Con su insensata desfachatez habitual el presidente USA se ha atrevido a vaticinar que Europa se enfrenta a la desaparición de su civilización y sostiene que ello se debe a la inmigración y a una falta de política enérgica, con lo que mantiene que el continente sólo puede salvarse si los ultraderechistas se hacen con el poder en todos los países europeos.

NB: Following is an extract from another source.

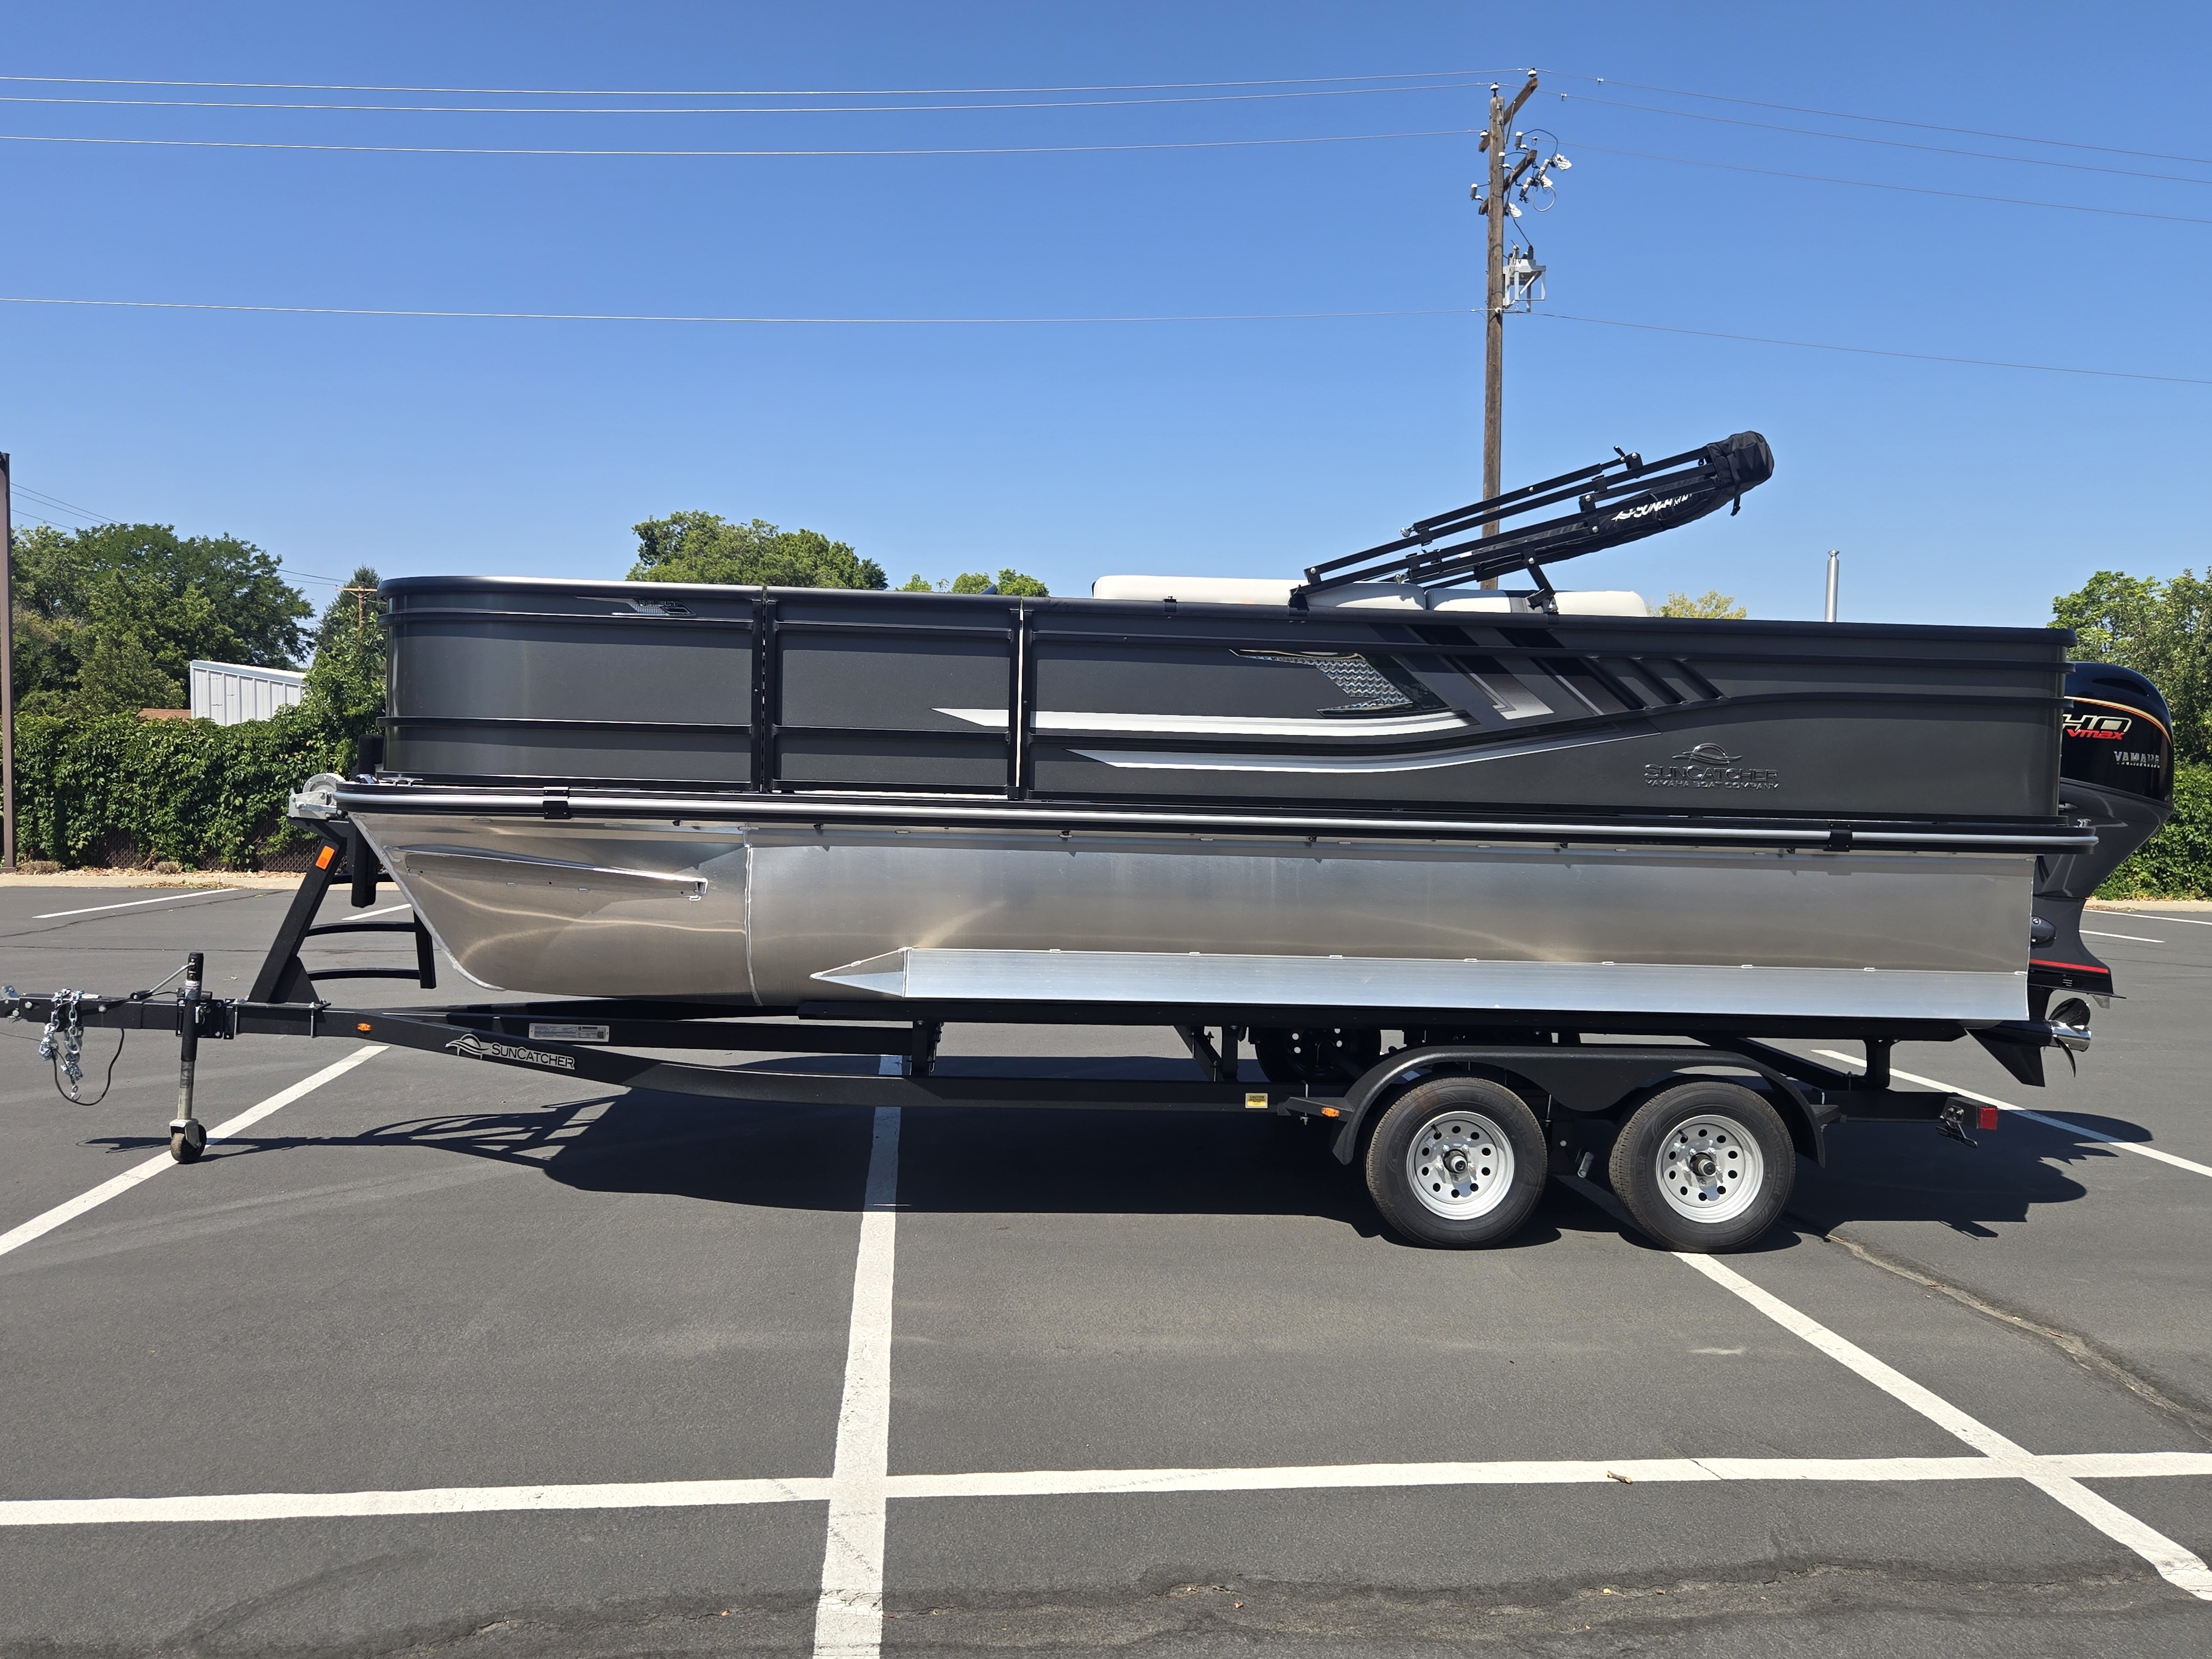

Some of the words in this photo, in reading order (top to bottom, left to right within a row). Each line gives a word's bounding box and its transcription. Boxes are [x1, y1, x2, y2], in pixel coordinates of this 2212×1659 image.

[2114, 751, 2160, 768] YAMAHA
[1725, 781, 1779, 790] COMPANY
[491, 1042, 575, 1068] SUNCATCHER

Vivimos tiempos caóticos y crecientemente majaderos: el país que defendió a Europa de Hitler y los fascismos adyacentes, aconseja que regresen los bárbaros antidemocráticos a regir un conjunto de países que han llevado la democracia, la solidaridad, igualdad, moneda común, leyes y control parlamentario y los derechos humanos a su más acendrado logro histórico (sin olvidar sus defectos: la burocracia excesiva, el acartonamiento legal... entre otros). En la Nueva Estrategia de Seguridad Nacional, la Casa Blanca trumpista ha roto el lazo trasatlántico que había garantizado la paz desde la II Guerra Mundial y anuncia al mundo la mala nueva: se impone la ley de la fuerza, el recurso a la agresión y la guerra, el racismo, el sometimiento a una lógica masculina de supremacismo blanco con Dios de su parte como proclama el dólar.

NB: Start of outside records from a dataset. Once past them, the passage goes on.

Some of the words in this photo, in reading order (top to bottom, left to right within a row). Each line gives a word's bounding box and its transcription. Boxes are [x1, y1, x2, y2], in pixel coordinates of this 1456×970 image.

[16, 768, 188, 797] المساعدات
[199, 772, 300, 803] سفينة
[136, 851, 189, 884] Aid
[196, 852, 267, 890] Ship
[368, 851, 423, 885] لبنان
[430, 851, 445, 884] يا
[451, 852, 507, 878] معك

Estados Unidos echa a la basura los principios de la democracia, la libertad individual, la igualdad entre las naciones, el respeto al estado de derecho. Con varias guerras en marcha, entre ellas en Oriente Medio y Ucrania, amenazas contra Hispanoamérica, algunos de sus países convertidos en una especie de «patio trasero» de EE. UU. al estilo de la Doctrina Monroe, con la excusa de la lucha contra la droga y la inmigración. La actual diplomacia europea aduladora y tolerante, ha sido un desastre que ha envalentonado al sátrapa de pelo rubio. El mundo ha dado un giro peligroso: cada vez de forma más evidente se percibe que el único y auténtico poder en el mundo es el de la minoría mega-capitalista, de la nacionalidad que sea. Es decir los homólogos de Trump que se esconden tras las siglas de las grandes corporaciones económicas.

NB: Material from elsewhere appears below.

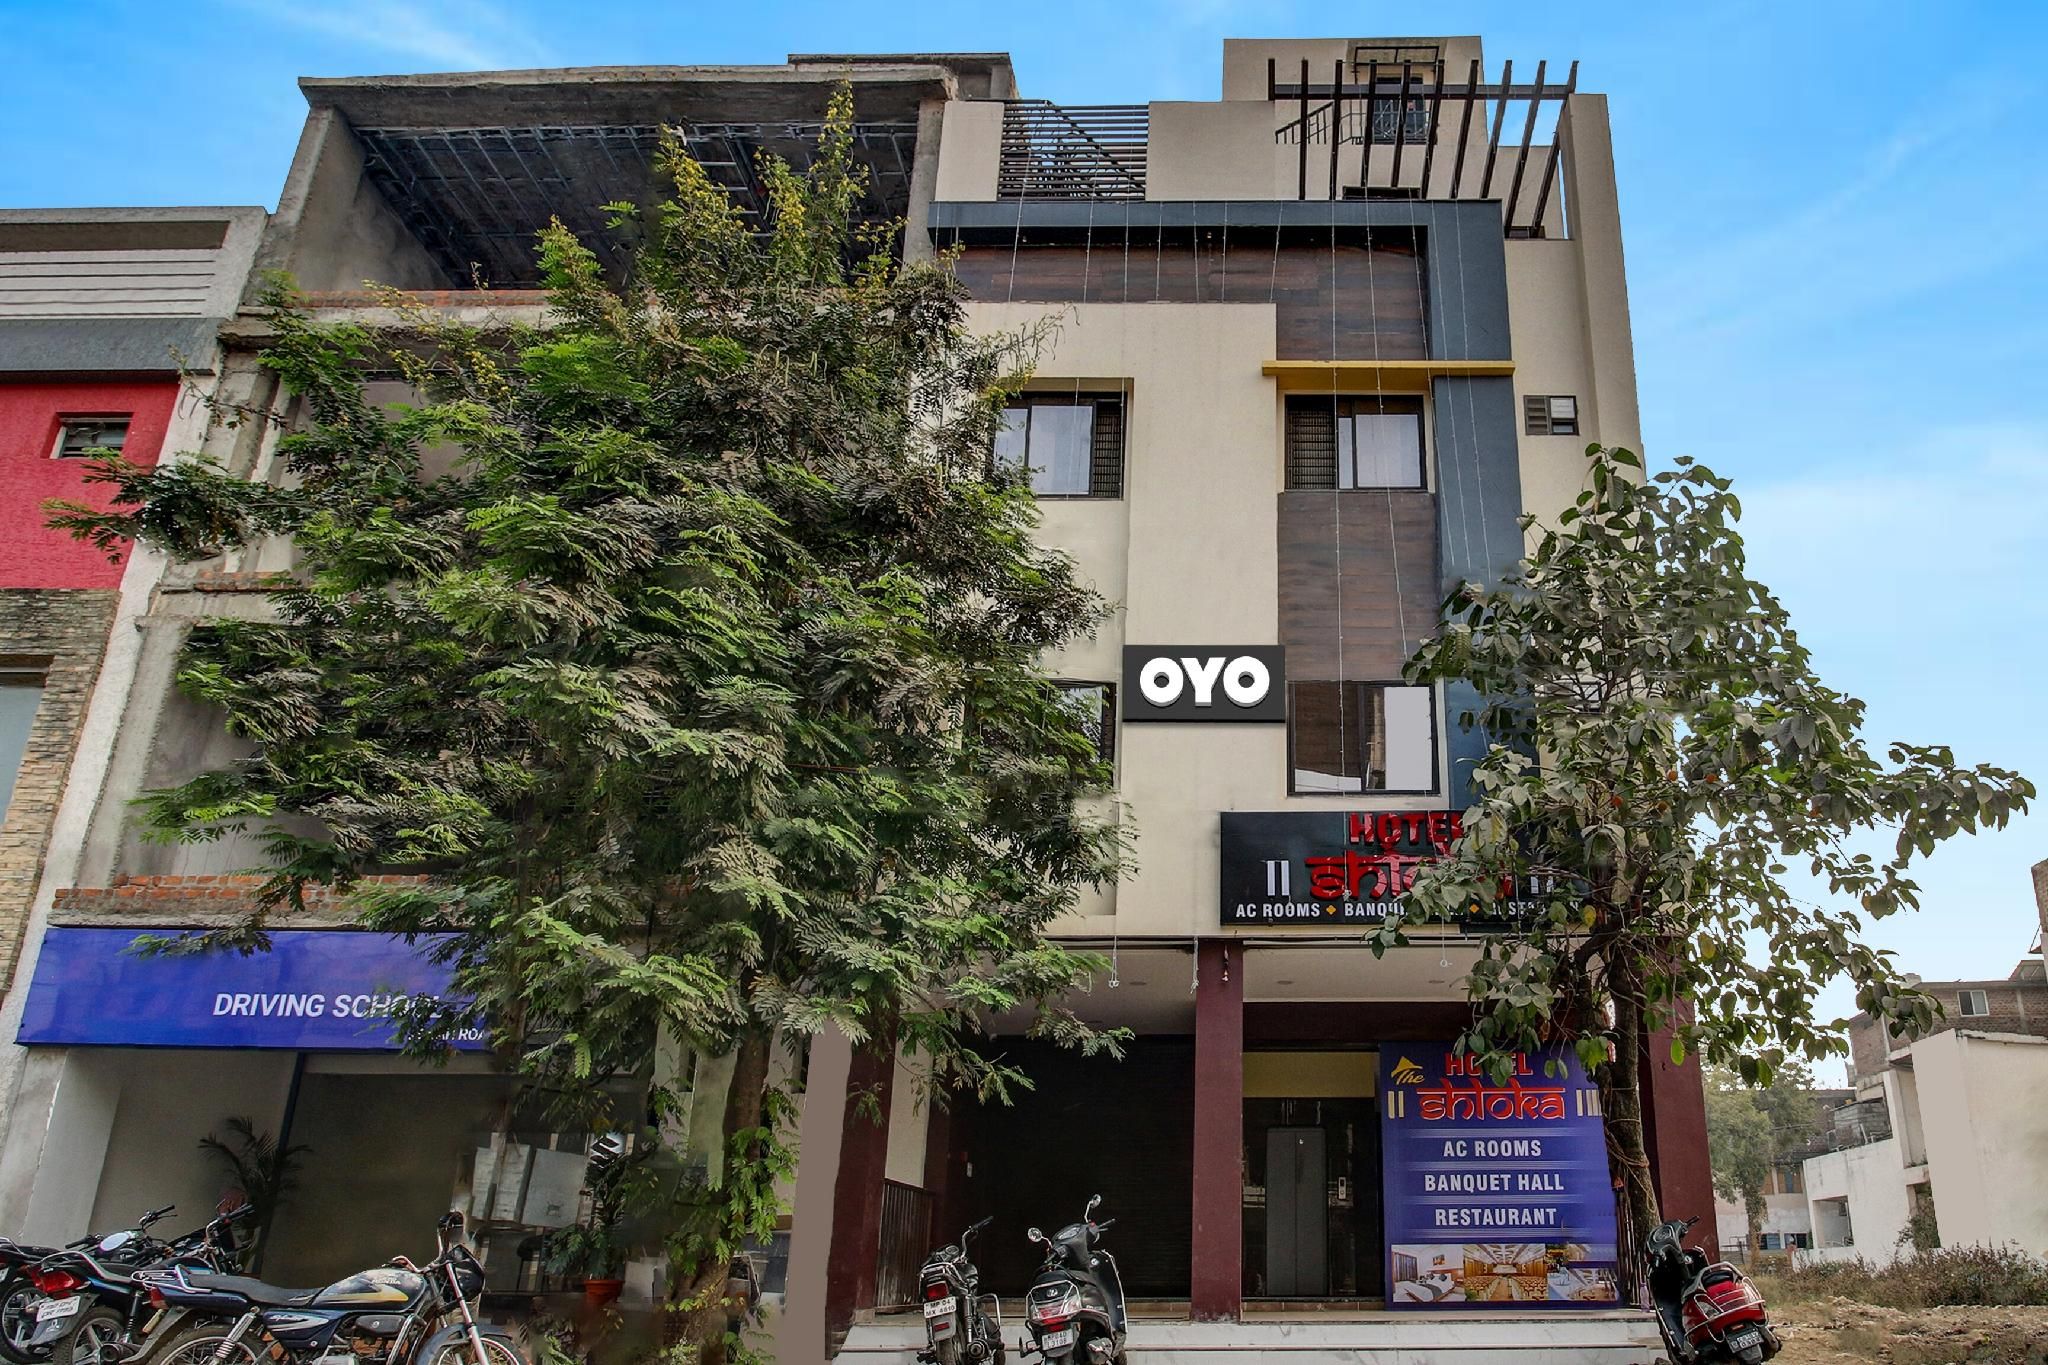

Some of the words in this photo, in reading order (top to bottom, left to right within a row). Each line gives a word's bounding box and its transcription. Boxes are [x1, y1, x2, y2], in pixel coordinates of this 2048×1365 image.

Justamente el tipo y la clase de personas a las que pertenece de pleno derecho el señor Trump y los que le han llevado al poder bajo su bandera y valor máximo: el dólar. Es como si el Tío Gilito de Disney se hubiera hecho con el poder en el mundo y se entronice en todos los países, sin ningún tipo de decencia, la adoración al becerro de oro como máximo símbolo de una civilización que preconiza la brutalidad, la autoridad, el abuso y el poder absoluto de la fuerza sin trabas legales o morales.

El documento de Trump tiene razón: Europa –el mundo– afronta la desaparición de una forma de entender la vida y las relaciones humanas que han marcado la historia de la civilización del siglo XX. Y si no superamos nuestra condición de protectorado militar y colonia digital y buscamos la forma de plantar cara comunitariamente al nuevo Calígula americano... Europa dejará de existir como proyecto común.